(Data entries)

--- START ---

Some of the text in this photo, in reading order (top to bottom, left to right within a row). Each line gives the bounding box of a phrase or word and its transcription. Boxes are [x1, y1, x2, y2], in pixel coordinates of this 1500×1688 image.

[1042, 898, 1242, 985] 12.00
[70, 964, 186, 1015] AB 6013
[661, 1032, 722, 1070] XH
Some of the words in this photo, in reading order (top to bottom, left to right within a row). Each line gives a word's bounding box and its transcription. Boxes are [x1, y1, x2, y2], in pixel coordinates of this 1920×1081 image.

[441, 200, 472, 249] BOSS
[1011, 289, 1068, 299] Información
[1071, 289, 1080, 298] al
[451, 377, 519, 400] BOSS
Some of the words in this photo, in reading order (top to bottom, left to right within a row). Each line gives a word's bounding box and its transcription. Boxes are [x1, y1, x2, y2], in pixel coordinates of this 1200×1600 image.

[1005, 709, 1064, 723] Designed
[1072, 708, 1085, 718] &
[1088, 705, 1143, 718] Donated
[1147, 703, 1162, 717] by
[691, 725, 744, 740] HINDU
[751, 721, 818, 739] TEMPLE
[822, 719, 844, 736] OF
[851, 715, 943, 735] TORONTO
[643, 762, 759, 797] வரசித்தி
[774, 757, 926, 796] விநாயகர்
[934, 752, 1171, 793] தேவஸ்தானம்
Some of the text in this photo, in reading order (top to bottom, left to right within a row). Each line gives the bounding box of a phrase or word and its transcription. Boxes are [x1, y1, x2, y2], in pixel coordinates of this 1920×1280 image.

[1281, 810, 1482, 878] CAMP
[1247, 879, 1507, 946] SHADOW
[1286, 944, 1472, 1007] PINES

--- END ---

• _What the task asks_
The line containing "this 1920×1280 image." begins the span, and the last line of the records above ends it. Return that span exactly, and nothing outside it.

• _Result of this task_
Some of the text in this photo, in reading order (top to bottom, left to right within a row). Each line gives the bounding box of a phrase or word and its transcription. Boxes are [x1, y1, x2, y2], in pixel coordinates of this 1920×1280 image.

[1281, 810, 1482, 878] CAMP
[1247, 879, 1507, 946] SHADOW
[1286, 944, 1472, 1007] PINES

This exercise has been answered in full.